Niño cubano sobrevive a arponazo que le atravesó la cabeza

Por Daniel Benítez

Un adolescente cubano de 15 años sobrevivió a la horrible experiencia de tener alojado en su cabeza durante varias horas un arpón de pesca de 60 centímetros de largo,en lo que constituye un increíble retorno a la vida desde la antesala de la muerte.

El terrible accidente sucedió en el municipio de Pilón en la provincia de Granma, cuando el arpón se disparó en el momento en que el jovencito Yoan Alex Torres López se disponía a salir de pesquería con un primo.

El éxito de la intervención quirúrgica y la casi milagrosa recuperación del adolescente resultan tan insólitas que las impresionantes imágenes de la cirugía han sido publicadas con amplio despliegue, en un acontecimiento poco común en la prensa cubana.  El caso salió a la luz este jueves en un extenso reportaje gráfico de Juventud Rebelde, con fotos facilitadas por el hospital provincial «Carlos Manuel de Céspedes», en Bayamo.

Torres López, residente del barrio de Manta, iba a subir a una balsa cuando se descargó el arpón, impactándolo en la cabeza.
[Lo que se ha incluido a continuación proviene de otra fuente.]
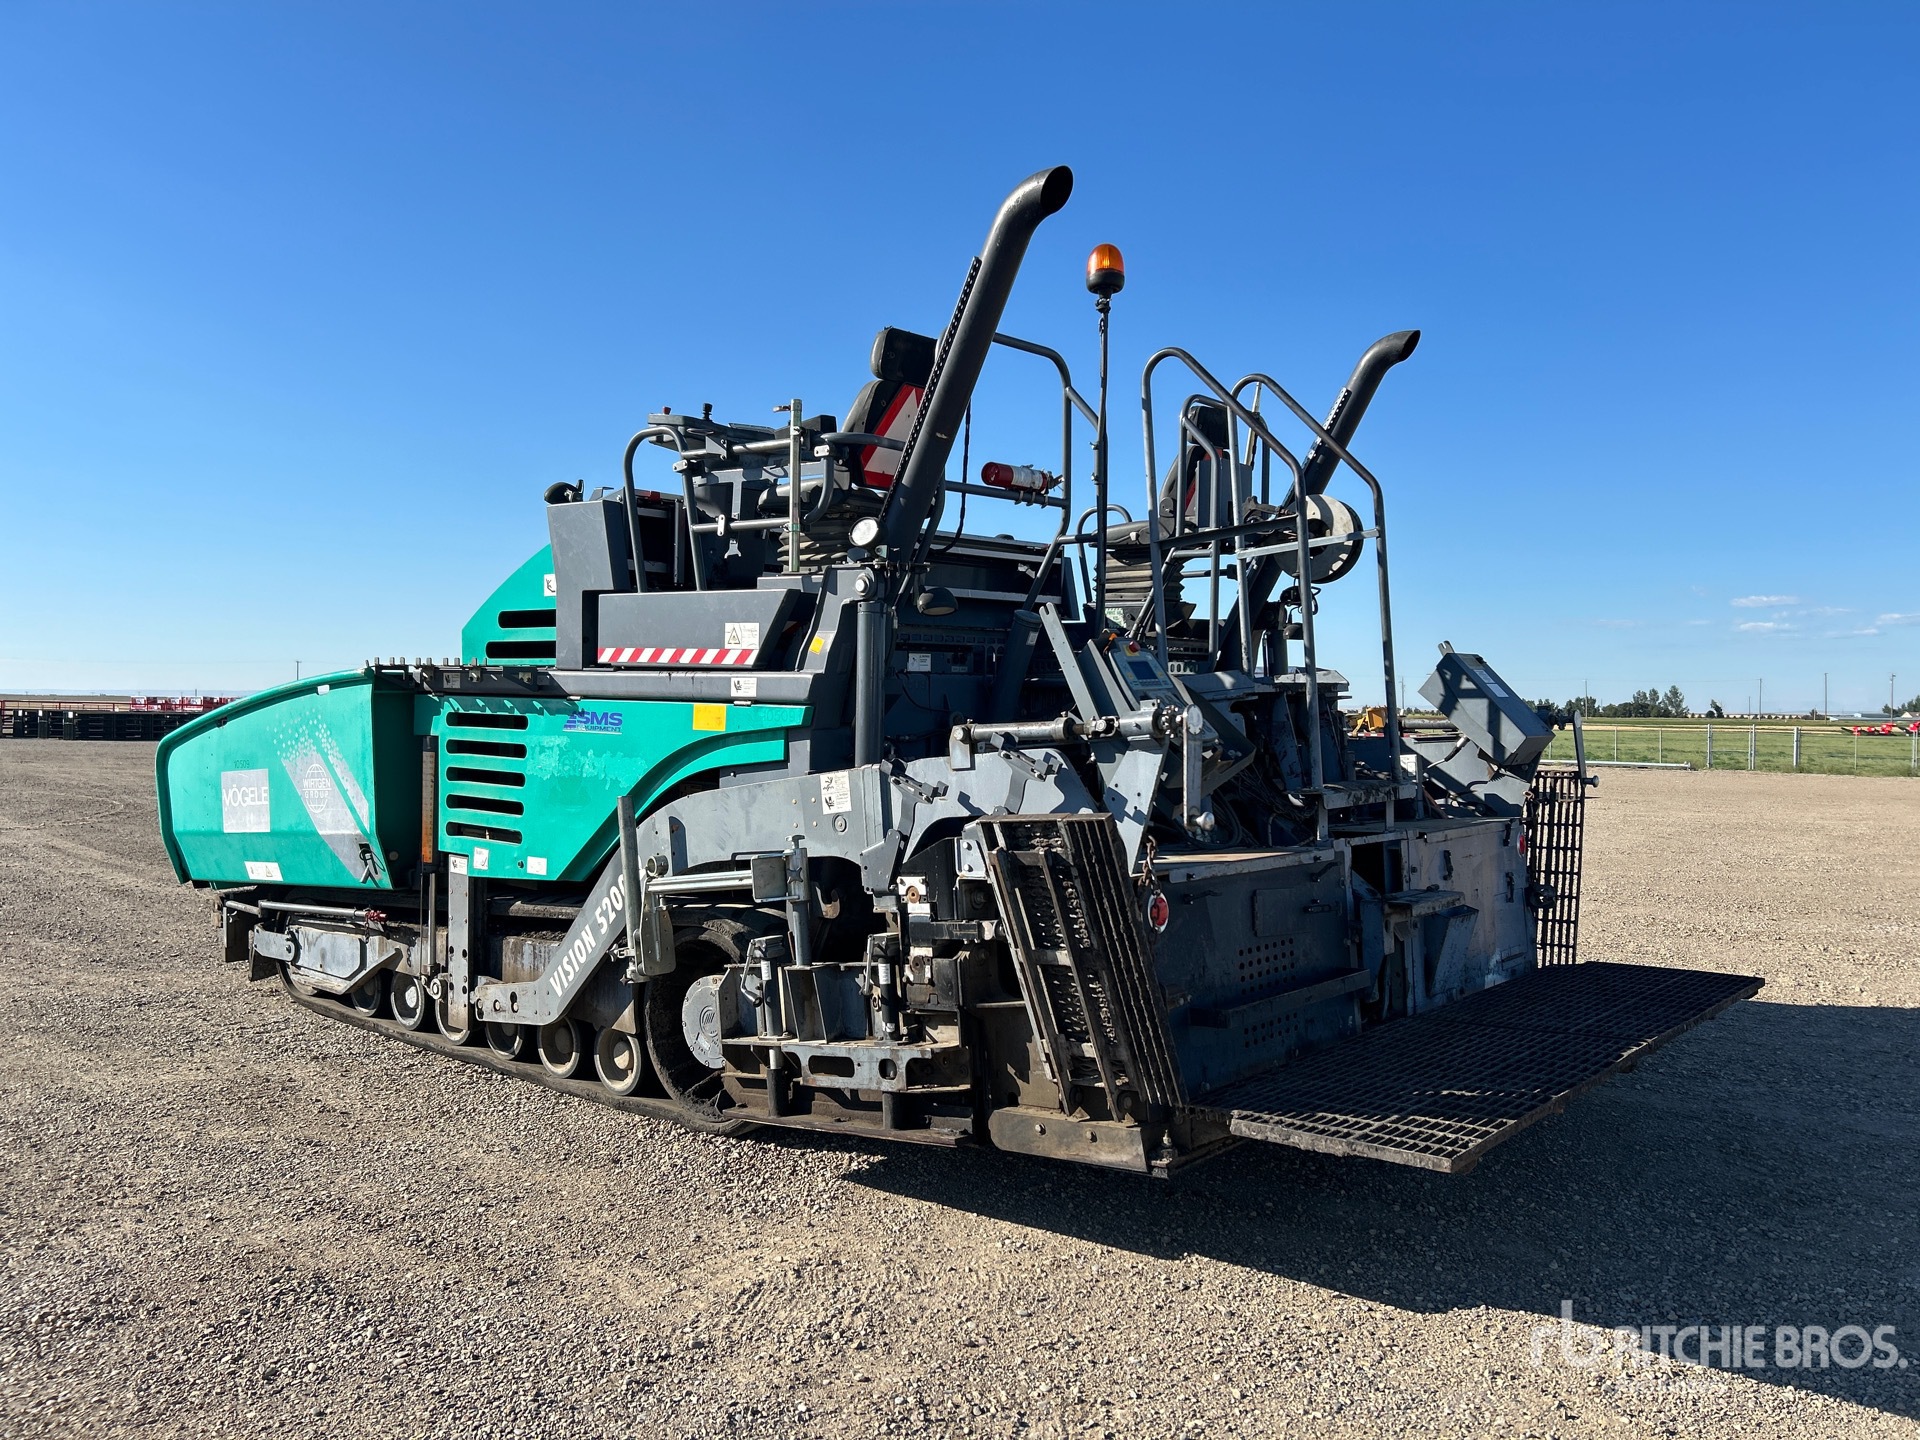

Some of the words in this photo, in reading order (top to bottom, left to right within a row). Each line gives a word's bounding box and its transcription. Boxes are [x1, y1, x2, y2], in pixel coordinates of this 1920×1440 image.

Su padre, Alexis Torres, relató que su hijo en se momento cayó en el mar a un metro y medio de profundidad y que su acompañante, un primo de 17 años, lo creyó muerto. Solo la intervención de otro familiar pudo salvarlo.

Traumatismo severo

Herido de gravedad, el adolescente fue trasladado primero al hospital municipal de Pilón y luego al «Carlos Manuel de Céspedes», donde tuvo que ser intervenido de urgencia en una compleja operación de tres horas y 45 minutos.

El especialista en Neurocirugía del hospital de Bayamo, Maikel Garcia Chávez, relató que el paciente llegó al hospital de Bayamo el pasado 14 de noviembre con un traumatismo de cráneo-encefálico notablemente grave, en coma profundo y reflejos muy tenues en su tallo cerebral.

El arpón perforó la región temporal derecha con orificio de salida parietal izquierdo alto, lo cual significa que atravesó completamente la cabeza del muchacho, de ahí que se extremaran todas las medidas de precaución a la hora de retirar el instrumento de acero inoxidable, que fue cortado con una segueta.

Torres Lóp[ez permaneció hospitalizado durante 25 días antes de ser trasladado a su casa, donde aun presenta algunas secuelas como reflejos borrosos, un sueño intranquilo y afectaciones en su lado izquierdo, comentó la madre, Anabel López.

Para los especialistas este caso es excepcional debido a que pocas personas pueden recuperarse de una herida similar. Según el criterio de los galenos, fue importante que las primeras personas que auxiliaron al adolescente no retiraran el arpón, lo cual ayudó a evitar una infección que hubiese sido mortal.

Un flechazo en el corazón

No es la primera vez que los cirujanos granmenses tienen que lidiar con niños víctimas de arponazos en barrios rurales del territorio.

El 27 de abril del 2011, en el municipio de Cauto Cristo, Braian Alejandro Lago Ávila, de cuatro años, sufrió una herida de arpón en el corazón. El niño estaba en la casa de un vecino  que intentaba matar una rana, pero la manipulación del artefacto fue tan deficiente que la flecha metálica fue a parar al pecho del menor.

La flecha le dejó una cortadura de 0,6 centímetros en el músculo cardiaco, a la altura del ventrículo izquierdo, cayendo de inmediato en estado de gravedad.

Como sucedió en el caso de Torres López. Braian fue de urgencia al hospital «Carlos Manuel de Céspedes» con pérdida aguda de sangre y trastornos en la conciencia a causa de la falta de irrigación sanguínea hacia el cerebro. Fue  trasladado al salón de operaciones y sometido a una complicada operación de 50 minutos.

El niño quedó con parálisis parcial del lado derecho y pérdida del habla, pero se recuperó luego del déficit neurológico, pero según dijeron los médicos, tras su recuperación podría hacer una vida normal.